Reflexões sobre a conferência global do EPIC

(Essa foi uma pergunta que ressoou bastante durante painel da programação da conferência global do EPIC, comunidade de profissionais que praticam etnografia gerando impacto em negócios e organizações. Totalmente online em 2021, o evento aconteceu ao longo de duas semanas seguidas com o tema “Anticipation” e trouxe profissionais de todo o mundo compartilhando casos, participando de debates ou apresentando painéis. Eu fui uma das voluntárias do EPIC Brasil a acompanhar a programação.)

Essa é uma questão muito sincera e interessante porque é desconfortável para quem trabalha com pesquisa nestes tempos: por que não fomos capazes de antecipar a pandemia?

Não faltaram sinais. Muitos cientistas anunciavam há anos o risco de uma grave doença respiratória e, em 2014, até um discurso do então presidente dos Estados Unidos, Barack Obama, já trazia essa ameaça como algo a prever no horizonte. Então, como nenhum relatório apontou esse cenário?

Durante o debate no painel “The Future of Business in a Post-COVID Landscape”, os etnógrafos convidados chegaram à conclusão de que esse é um reflexo de não se considerar algumas fontes valiosas em trabalhos de pesquisa (trabalhos científicos, pesquisas acadêmicas e dados da sociedade são exemplos) ou de não se conseguir traduzir esses sinais em impactos cotidianos, em impactos para instituições e pessoas.

Após assistir a programação e rever minhas anotações do evento, sublinho: em qual direção estamos olhando?

Essa é uma pergunta-lembrete que levo comigo como principal aprendizado da conferência deste ano.

Ainda que esses temas ocupem boa parte de nossa energia e tempo nos encontros em projetos, a conferência do EPIC 2021 não foi sobre “frameworks”, inovação de forma isolada ou tecnologia de ponta sendo usada como técnica para pesquisa.

No momento em que a comunidade de etnógrafos pôde respirar, trocar experiências e olhar para seu trabalho nos últimos meses, o que emergiu foi principalmente um chamado para direção-intenção de olhar que recupera o essencial em etnografia ao mesmo tempo que nos provoca para uma atuação mais responsável e consciente.

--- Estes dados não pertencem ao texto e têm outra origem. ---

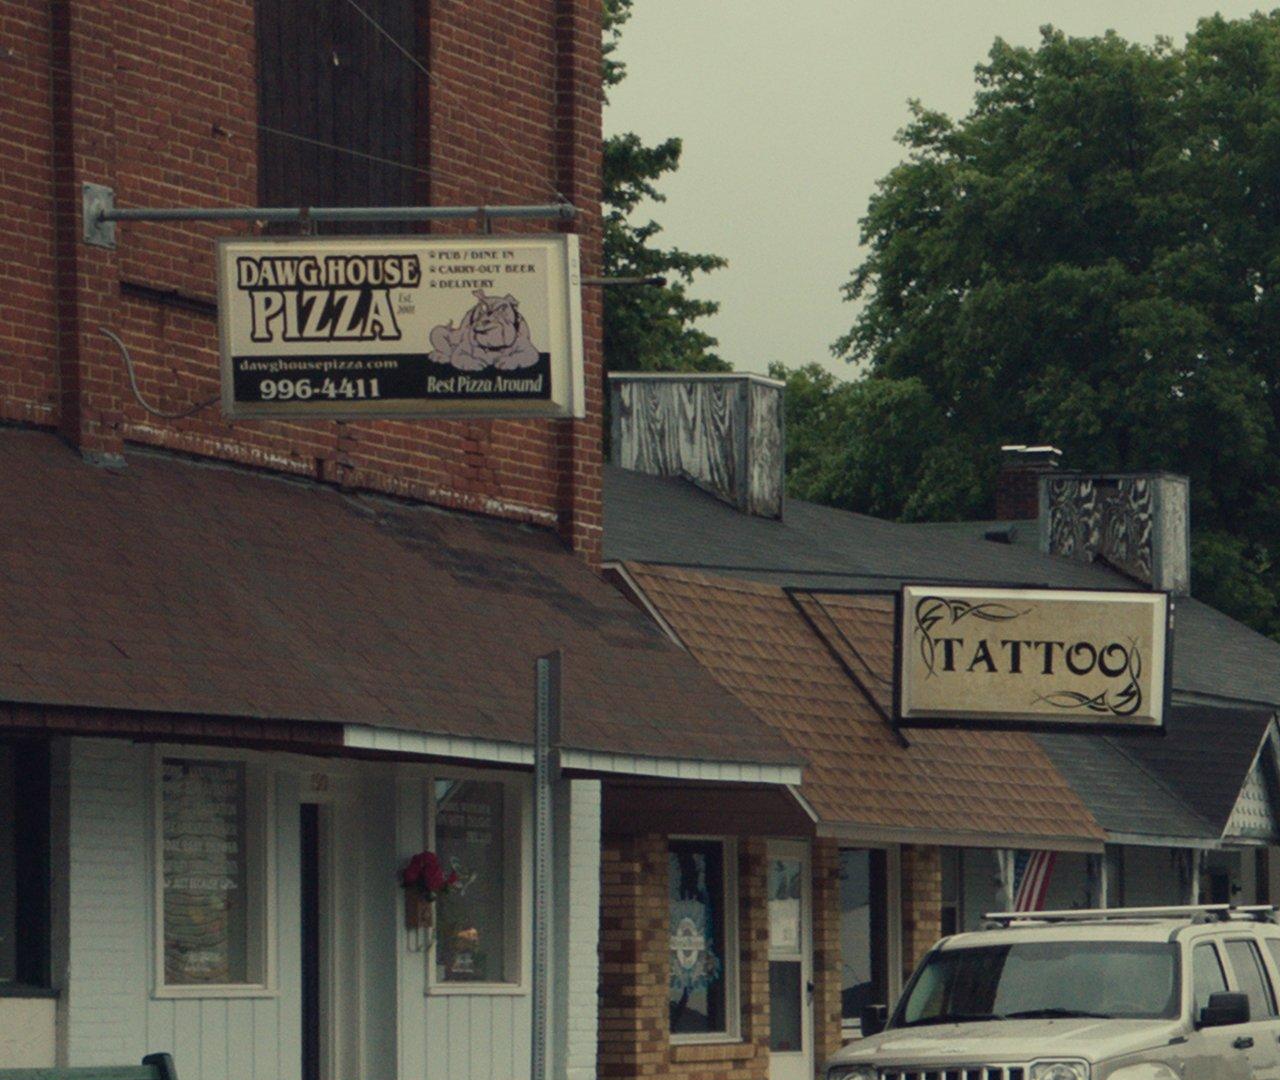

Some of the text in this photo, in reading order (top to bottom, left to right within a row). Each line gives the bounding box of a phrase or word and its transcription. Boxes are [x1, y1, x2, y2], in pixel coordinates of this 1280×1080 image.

Nas minhas notas, 8 falas do EPIC que compõem esse chamado:

  1. É fundamental zelar pelo rigor técnico para que nossos trabalhos possam traduzir com sinceridade o passado, o presente e o futuro.
  2. Observar o não dito, a exceção e o espontâneo continua sendo a base da criação de metodologias alternativas e criativas porque implica em espaço-tempo para o essencialmente humano.
  3. Setor público, setor privado e academia estão lidando com problemas de pesquisa muito similares, logo, podemos considerar um olhar mais abrangente para os dilemas da sociedade em busca de soluções e métodos realmente efetivos.
  4. É importante desenhar formas de interação em etnografia que considerem também o contexto emocional e psicológico das pessoas pesquisadoras e pesquisadas. Principalmente em um ambiente global de traumas coletivos.
  5. Precisamos nos dedicar a imaginar e a influenciar, por meio do fazer etnográfico, futuros mais justos para mais pessoas. E que mais pessoas se enxerguem nesses cenários positivos.
  6. Além das esferas tecnológica, ambiental, econômica, social e política, já é hora de acrescentarmos a camada INCLUSÃO nas nossas leituras de cenários: quem estamos incluindo ou deixando de fora de um passado, presente ou futuro que mapeamos?
  7. Devemos criar condições estruturais (tempo, remuneração, acesso…) para que populações até então marginalizadas (indígenas, afrocentradas, LGBTQIA+, pessoas com deficiência, entre outras) imaginem os futuros. Muitas vezes estudadas a partir de olhar da carência, tais pessoas são potentes ao vislumbrar o porvir.
  8. Abrindo o horizonte do tempo para além dos meses a seguir, podemos perceber que estamos na era do “Long Covid” e não do Pós Covid: as próximas ondas do próprio Covid num fluxo pandemia-epidemia-endemia, as prováveis próximas doenças e a mudança climática tendem a nos manter em um constante ciclo de reflexões, riscos, restrições e transformações.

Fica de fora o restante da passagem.